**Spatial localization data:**

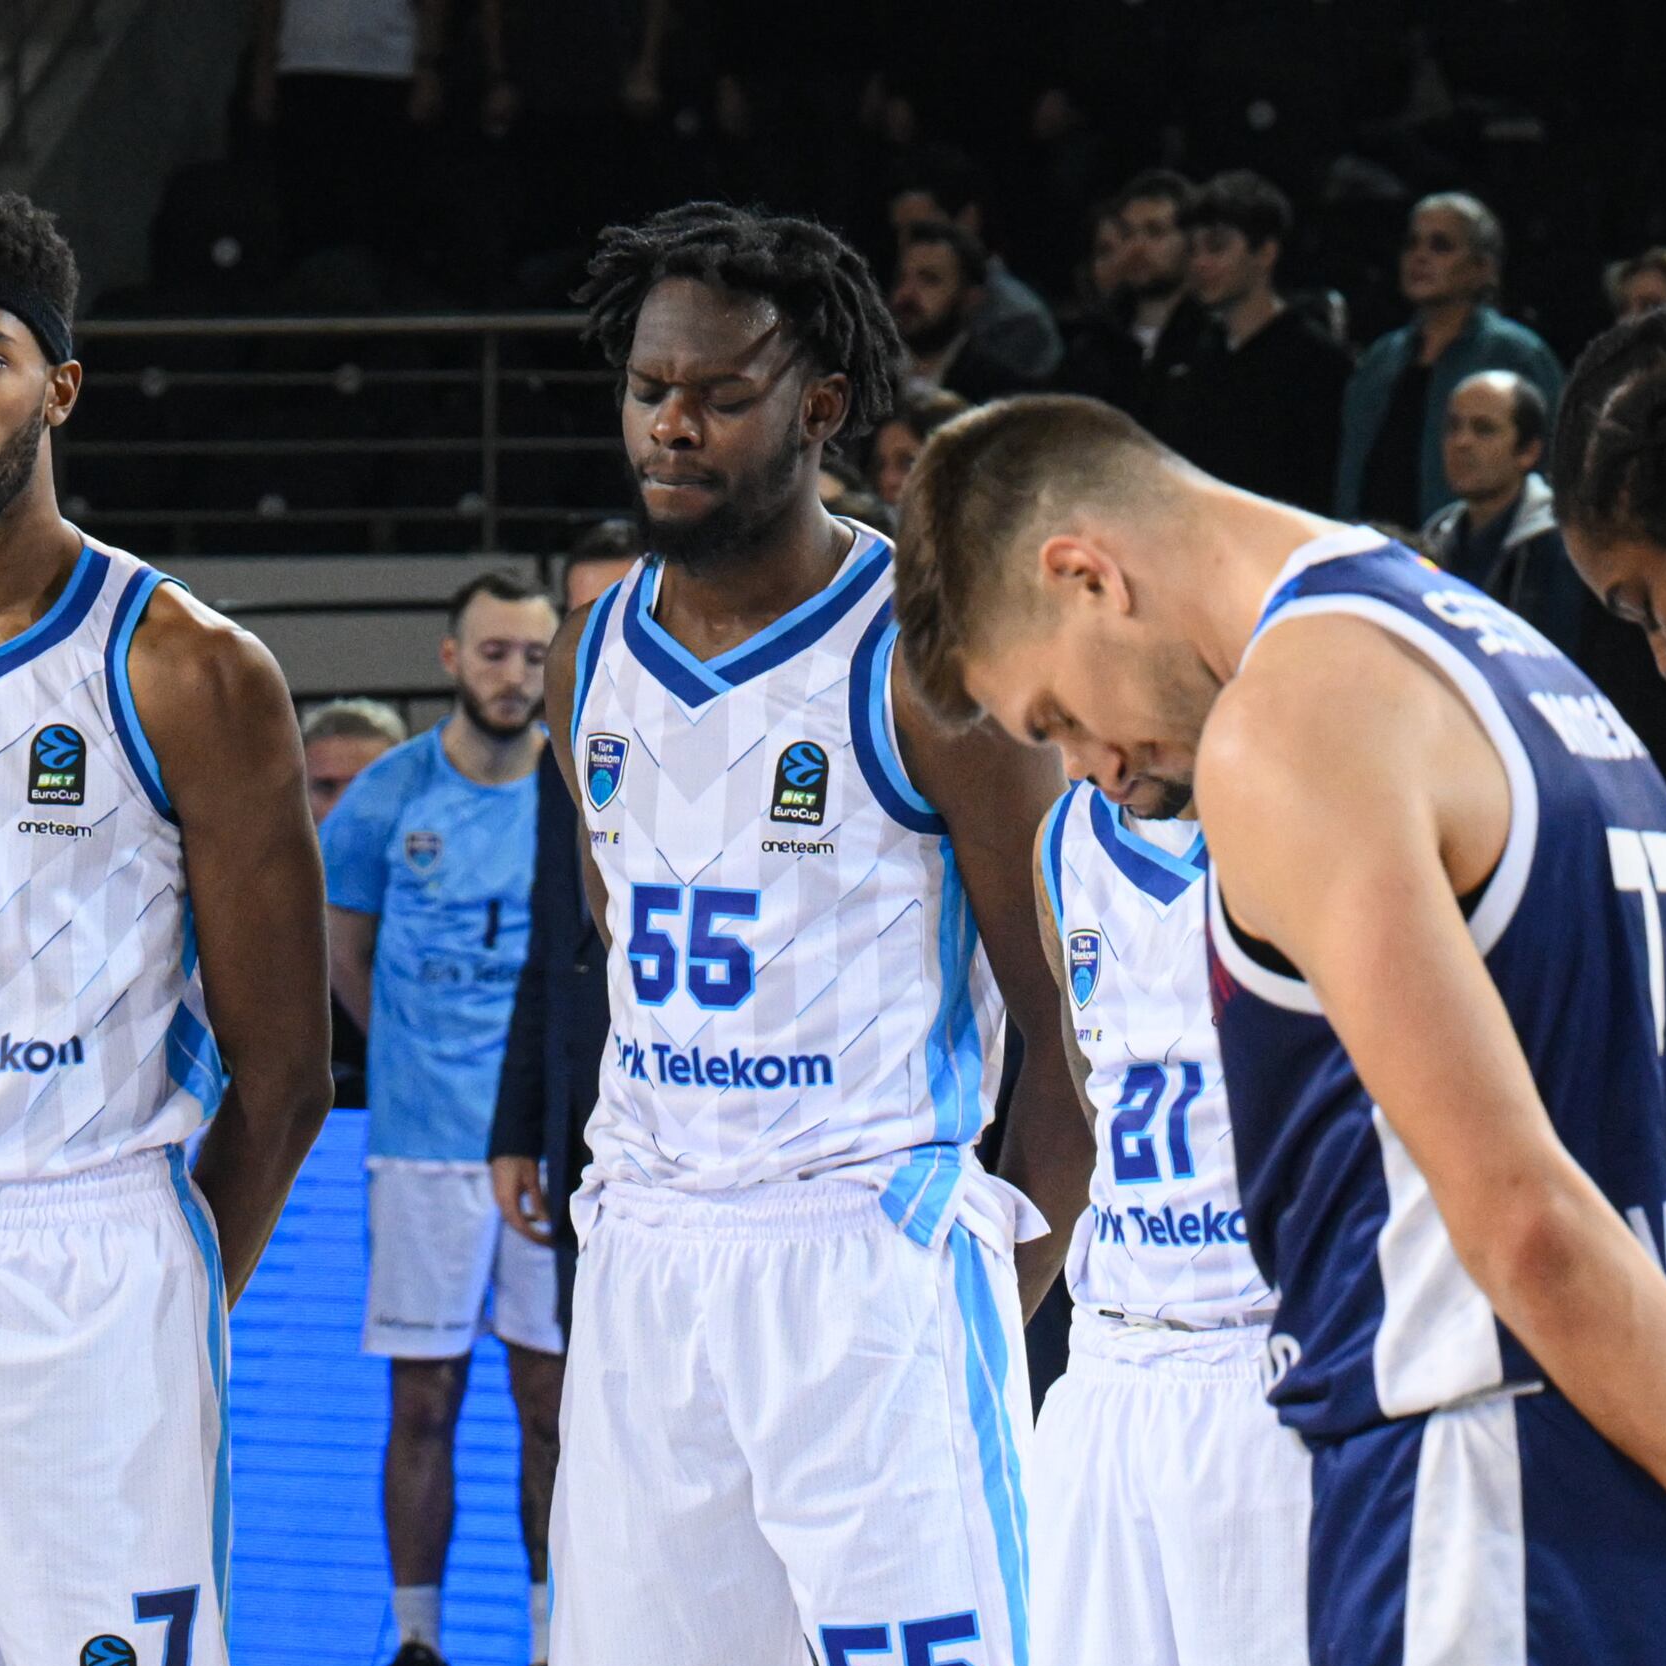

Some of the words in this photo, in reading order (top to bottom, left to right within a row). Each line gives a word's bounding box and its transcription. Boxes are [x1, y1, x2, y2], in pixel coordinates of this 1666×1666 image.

[597, 741, 614, 753] Türk
[590, 751, 621, 765] Telekom
[36, 773, 77, 787] BKT
[31, 788, 81, 802] EuroCup
[780, 789, 818, 806] BKT
[773, 805, 821, 822] EuroCup
[17, 820, 93, 838] oneteam
[761, 839, 835, 855] oneteam
[626, 882, 762, 1012] 55
[650, 1041, 835, 1090] Telekom
[1110, 1061, 1205, 1186] 21
[1127, 1201, 1249, 1247] Teleko
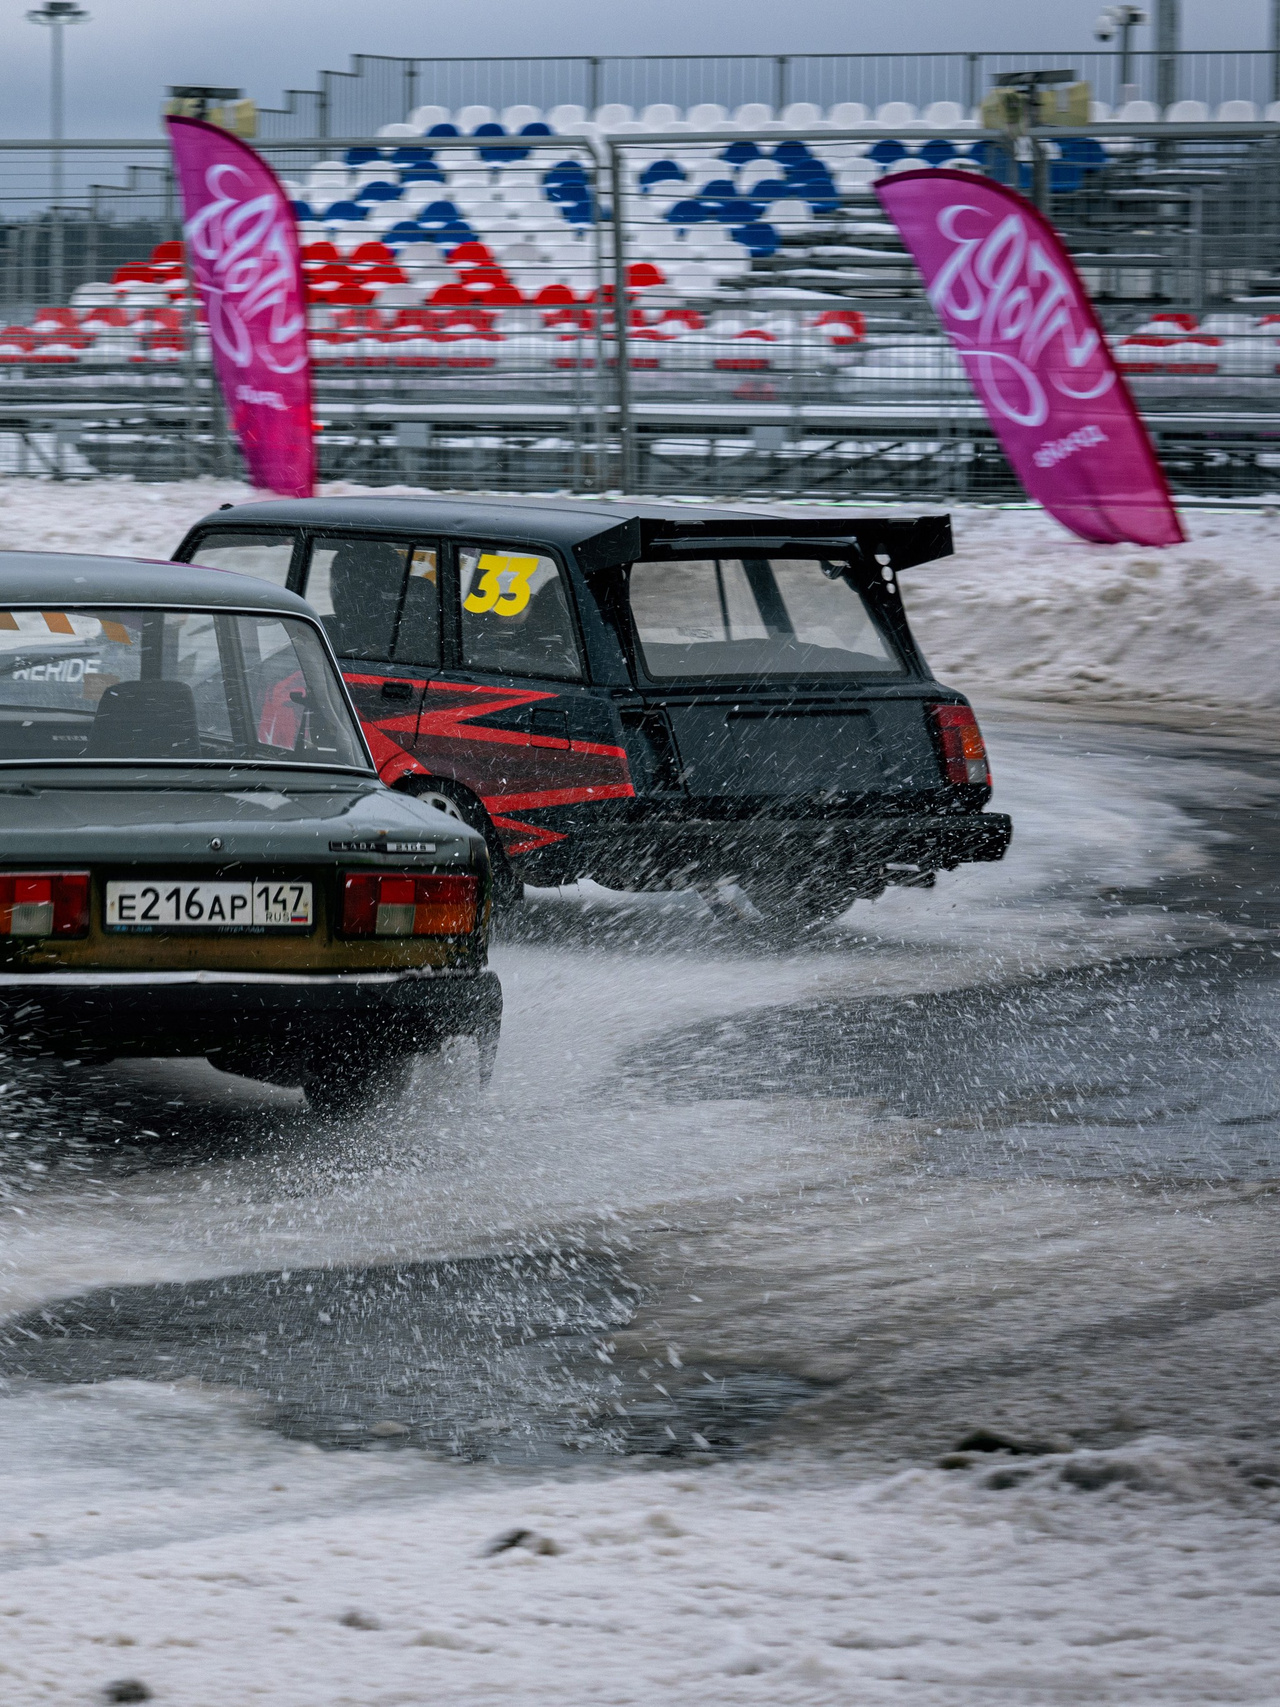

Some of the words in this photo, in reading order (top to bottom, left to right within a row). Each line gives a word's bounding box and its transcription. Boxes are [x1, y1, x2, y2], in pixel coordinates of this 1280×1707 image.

[463, 554, 539, 617] 33
[341, 841, 376, 850] LADA
[256, 886, 304, 912] 147
[265, 911, 290, 923] RUS
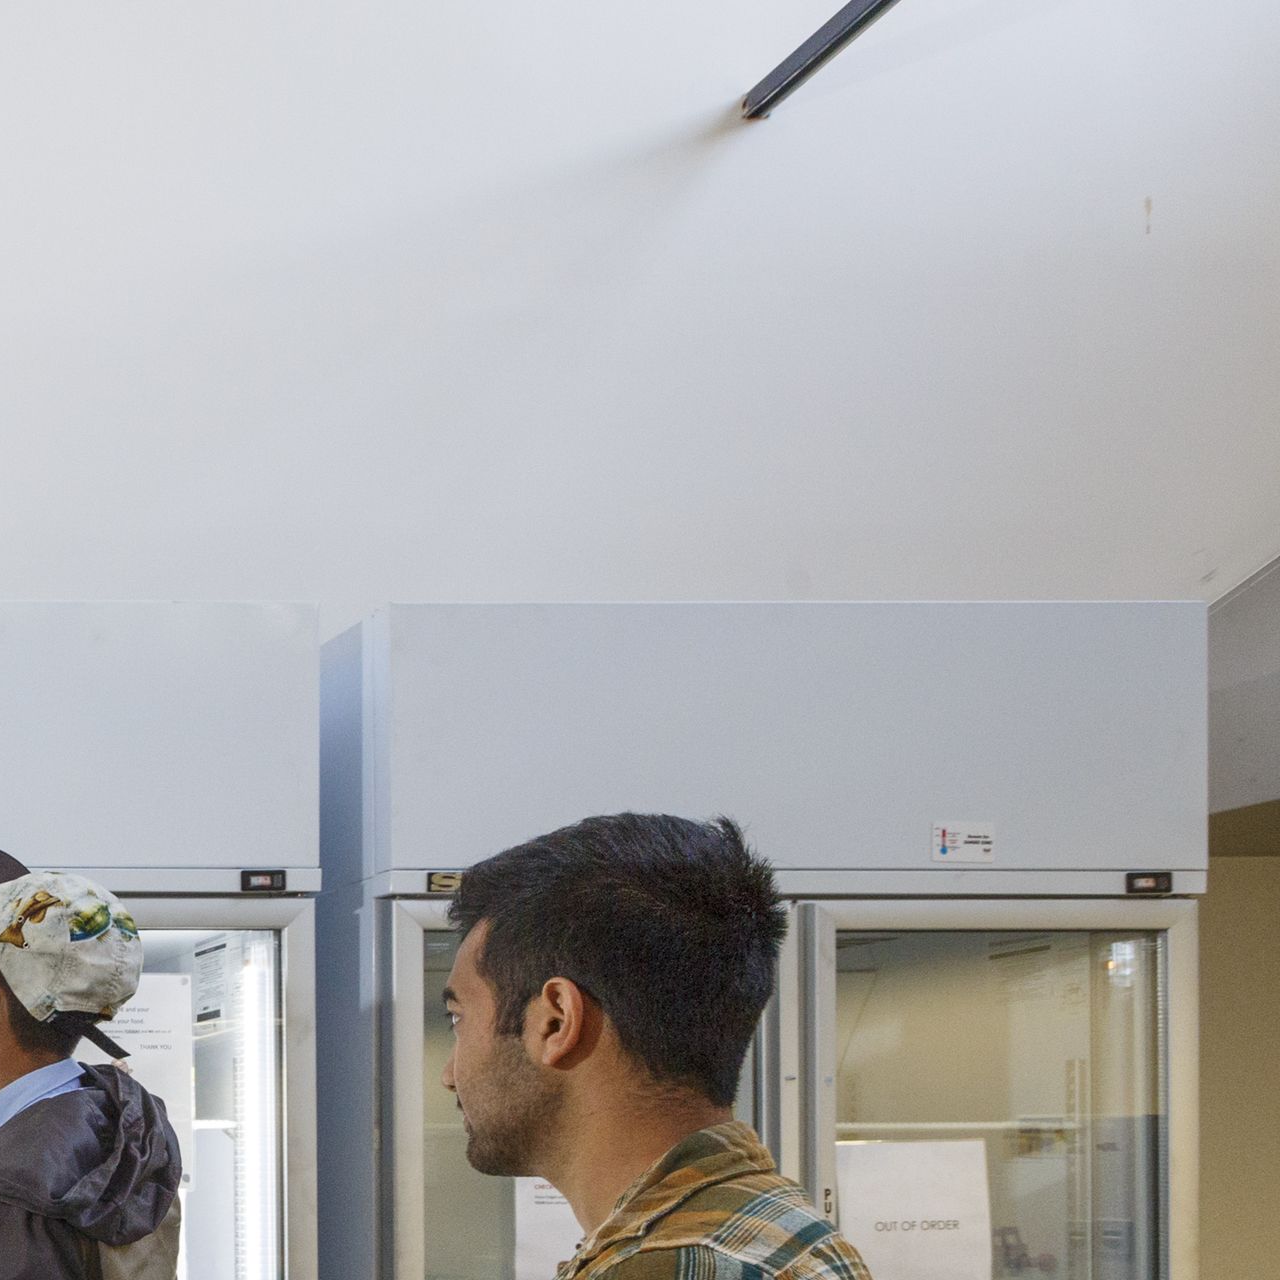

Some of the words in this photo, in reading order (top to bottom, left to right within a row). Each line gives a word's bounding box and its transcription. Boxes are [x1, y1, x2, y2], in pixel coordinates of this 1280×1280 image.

[824, 1189, 832, 1218] PU
[875, 1222, 899, 1232] OUT
[901, 1221, 916, 1231] OF
[921, 1220, 960, 1230] ORDER

**Brief:**
Repeat every line of the data exactly, but do not include pictures.

**Written answer:**
Some of the words in this photo, in reading order (top to bottom, left to right within a row). Each line gives a word's bounding box and its transcription. Boxes are [x1, y1, x2, y2], in pixel coordinates of this 1666×1666 image.

[597, 741, 614, 753] Türk
[590, 751, 621, 765] Telekom
[36, 773, 77, 787] BKT
[31, 788, 81, 802] EuroCup
[780, 789, 818, 806] BKT
[773, 805, 821, 822] EuroCup
[17, 820, 93, 838] oneteam
[761, 839, 835, 855] oneteam
[626, 882, 762, 1012] 55
[650, 1041, 835, 1090] Telekom
[1110, 1061, 1205, 1186] 21
[1127, 1201, 1249, 1247] Teleko

Some of the words in this photo, in reading order (top to bottom, left to right within a row). Each line gives a word's bounding box and its transcription. Boxes are [x1, y1, x2, y2], in pixel coordinates of this 1280×1707 image.

[463, 554, 539, 617] 33
[341, 841, 376, 850] LADA
[256, 886, 304, 912] 147
[265, 911, 290, 923] RUS

Some of the words in this photo, in reading order (top to bottom, left to right within a row). Each line gives a word's bounding box and its transcription. Boxes are [x1, y1, x2, y2], in pixel coordinates of this 1280×1280 image.

[824, 1189, 832, 1218] PU
[875, 1222, 899, 1232] OUT
[901, 1221, 916, 1231] OF
[921, 1220, 960, 1230] ORDER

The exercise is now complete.